Note that I can ping the corporate network proxy on the node, and can connect to internet as well. But it doesn’t work inside POD.


#4

Hi
You have to enter the address of corporate nameservers inside resolv.conf file so that name resolution start happening.

Also I try pinging the gateway,the same gateway which is within the host from within the pod.if it is happening then dns resolution is the issue which will be resolved by making entry in pods resolved.conf


#5

I tried to get the same entry in resolved.conf on node to be added into the resolv.conf in POD, but it did not work either.

I believe the coredns is working, because when I tried to ping other service name in the cluster, the service name could be resolved as the correct clusterIP. But the clusterIP isn’t pingable either.

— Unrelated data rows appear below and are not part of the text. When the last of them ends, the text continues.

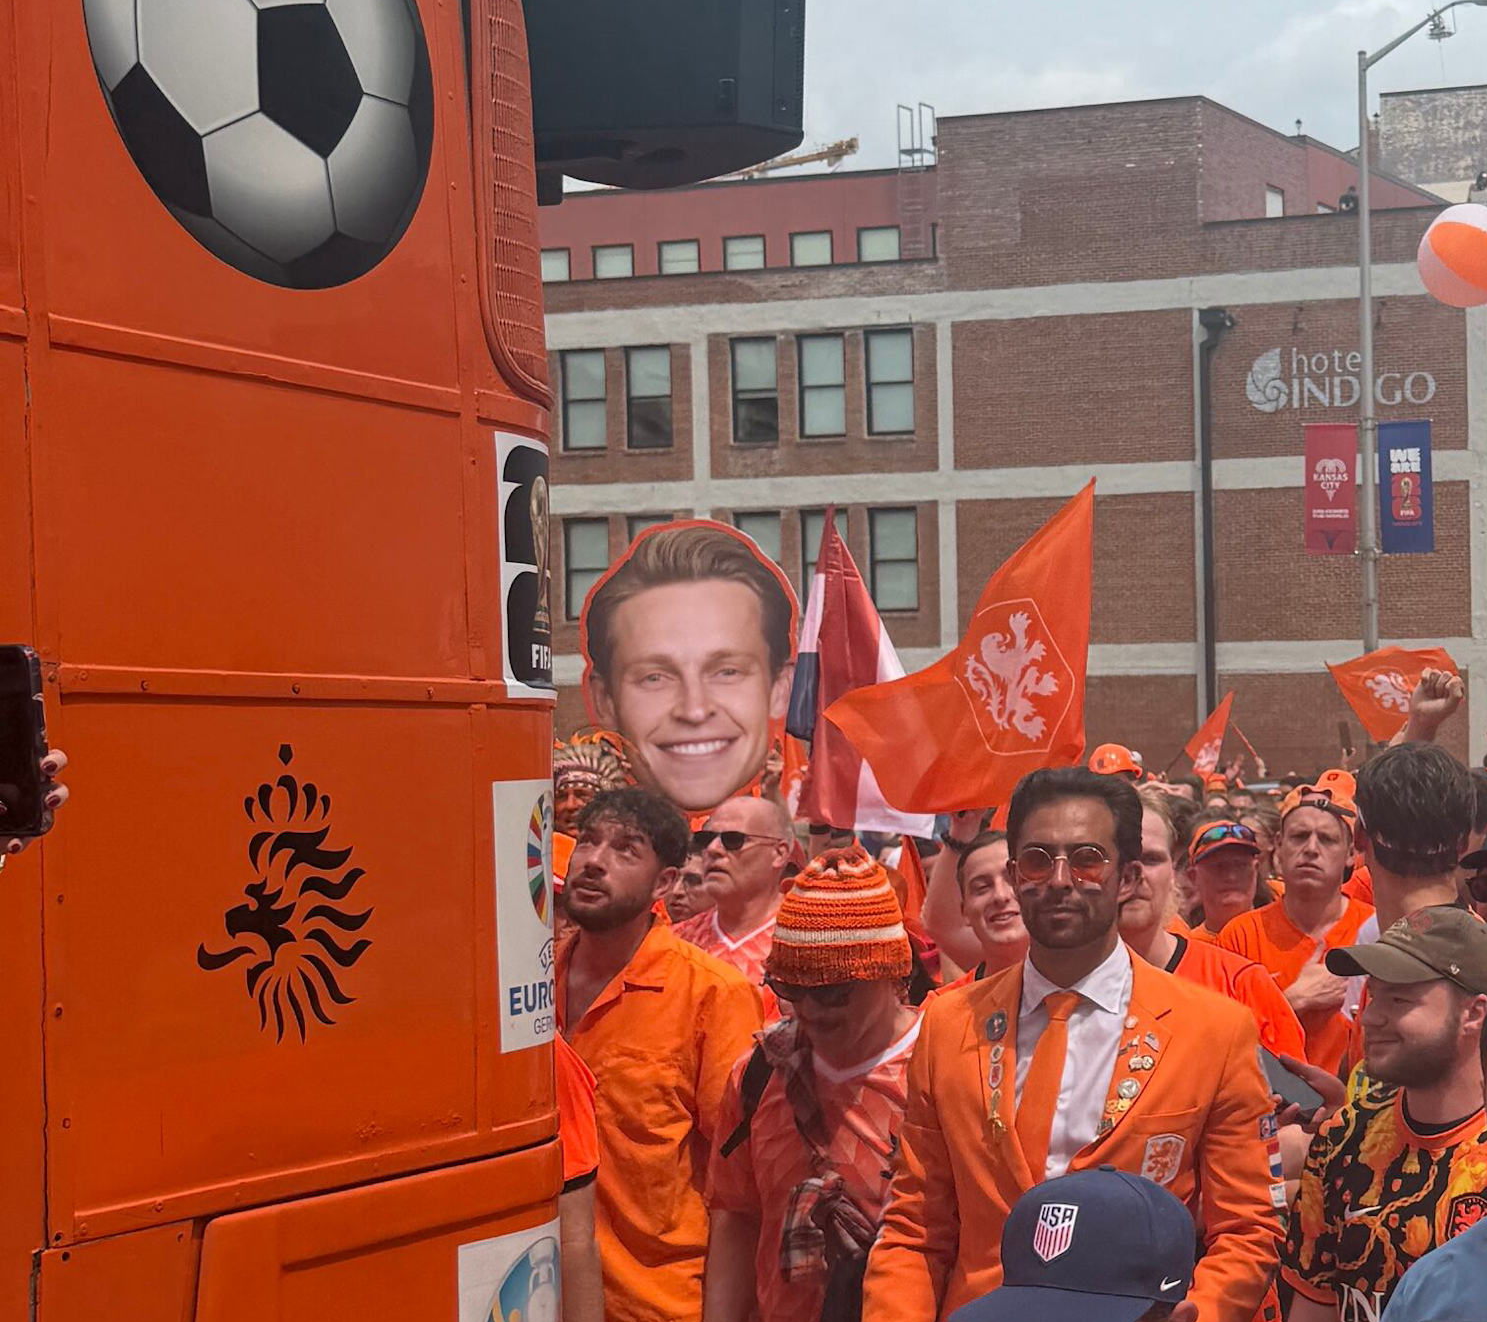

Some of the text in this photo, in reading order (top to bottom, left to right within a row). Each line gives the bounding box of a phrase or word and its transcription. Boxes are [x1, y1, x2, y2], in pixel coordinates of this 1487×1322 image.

[1292, 347, 1363, 374] hote
[1292, 371, 1437, 409] INDGO
[1389, 447, 1421, 462] WE
[1313, 473, 1348, 481] KANSAS
[1320, 481, 1341, 489] CITY
[1400, 509, 1416, 517] FIFA
[1041, 1206, 1075, 1228] USA
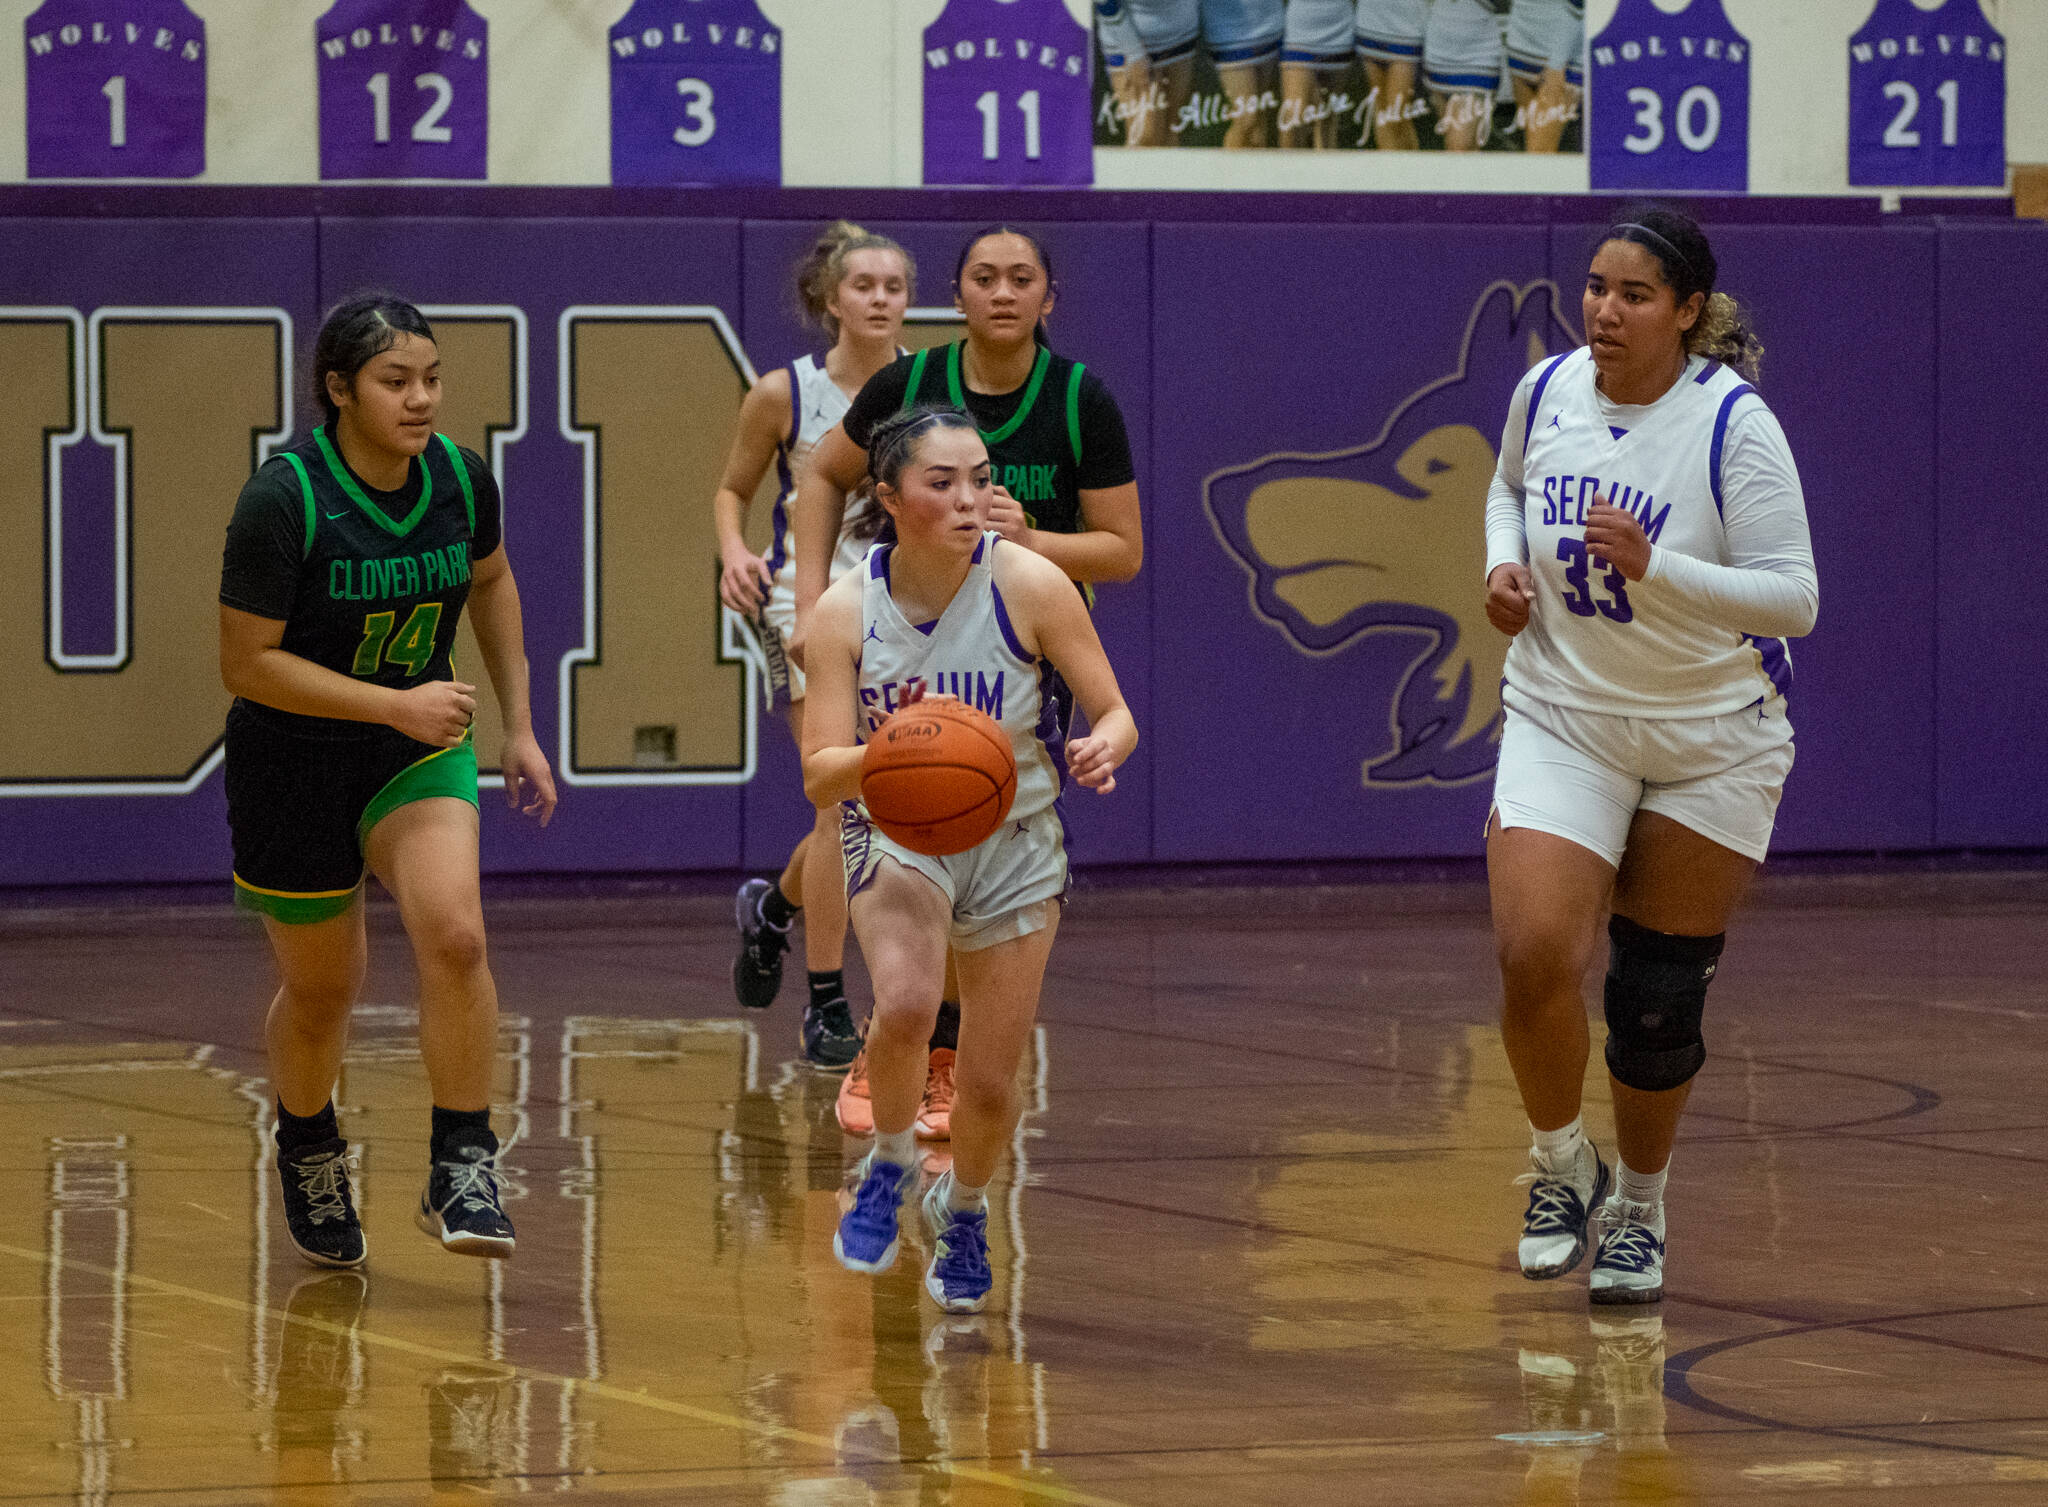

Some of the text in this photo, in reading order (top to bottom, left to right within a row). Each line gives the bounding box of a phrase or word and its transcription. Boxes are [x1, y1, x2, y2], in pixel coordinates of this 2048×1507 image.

[29, 22, 201, 61] WOLVES
[321, 23, 482, 60] WOLVES
[612, 23, 778, 58] WOLVES
[926, 38, 1082, 76] WOLVES
[1594, 36, 1744, 66] WOLVES
[1852, 34, 2002, 62] WOLVES
[101, 76, 126, 146] 1
[366, 73, 453, 142] 12
[673, 78, 716, 146] 3
[976, 91, 1040, 160] 11
[1170, 92, 1278, 132] Allison
[1623, 86, 1721, 153] 30
[1883, 80, 1958, 147] 21
[1004, 464, 1056, 500] PARK
[329, 541, 471, 600] CLOVER PARK
[1557, 537, 1633, 623] 33
[351, 602, 443, 677] 14

It seems that the node’s resolv.conf is used as upstream by the coredns, please see the following output,

-bash-4.2$ kc get configmap -n kube-system coredns -o yaml
apiVersion: v1
data:
  Corefile: |
    .:53 {
        log
        errors
        health
        kubernetes cluster.local in-addr.arpa ip6.arpa {
           pods insecure
           upstream
           fallthrough in-addr.arpa ip6.arpa
        }
        prometheus :9153
        proxy . /etc/resolv.conf
        cache 30
        loop
        reload
        loadbalance
    }
kind: ConfigMap
metadata:
  creationTimestamp: "2018-12-18T20:58:09Z"
  name: coredns
  namespace: kube-system
  resourceVersion: "86803"
  selfLink: /api/v1/namespaces/kube-system/configmaps/coredns
  uid: 9fe8fdf0-0307-11e9-815c-0021f635b8e1

#6

Note that everything is OK when previously I got K8S 1.9.7 installed. I only ran into this issue when I installed K8S 1.13.1.


#7

Are you able to ping between pods running on 2 different hosts?


#8

Currently I have only a one-node cluster. Just as I mentioned earlier, When I tried to ping another service name, then the service name could be resolved as the correct cluster IP.

But When I tried to call the REST API exposed by another service, it works,

curl http://example-service-name:6710/REST-API-PATH


#9

This issue should have nothing to do with DNS, because it doesn’t work either when I ping another node IP (The target node isn’t a member of the K8S cluster) inside a POD.

It’s really frustrating. I guess it could be a compatibility issue between K8S and network add-on, such as flannel, Calico… There should a matrix to state clearly what version of each network add-on works with each K8S version.


#10

It works after downgrading the flannel version from master to 0.10.0.


#11

Just as a general note, service IPs are not pingable. They are essentially “fake” virtual IPs that are mappings to the exposed ports and protocol attached to the service. You will be able to use curl or other protocol specific tools to hit the port that is exposed but not ping them. My usual goto test is to pop in and use netcat to see if I can hit a remote service’s port :slight_smile:


#12

@mrbobbytables

Thanks for the info. Yes, you are right that the service IPs are not pingable. I realized it a couple of days before.

Actually I summarized a couple of common “best practices” on installing kubernetes:

  1. If we install kubernetes per the official guide, then we will install the latest version. It isn’t good, we should always install a specific version instead of the latest version, otherwise, we may be hitting some potential issues introduced by the new version.

  2. Configure http(s)_proxy and no_proxy correctly.
    If we are behind a company proxy, then we should configure the http(s)_proxy and no_proxy correctly. The IP Address of the API server should be added into the no_proxy list, otherwise kubelet will try to connect to the API server via the proxy, accordingly it will definitely fail. The IP addresses of the nodes should be added into no_proxy.

Another point is that we should configure correct http(s)_proxy and no_proxy for docker engine as well.

  1. Restart machine when re-install K8S.
    We should always restart machine after “kubeadm reset”, especially after uninstalling a network add-on, i.e., flannel.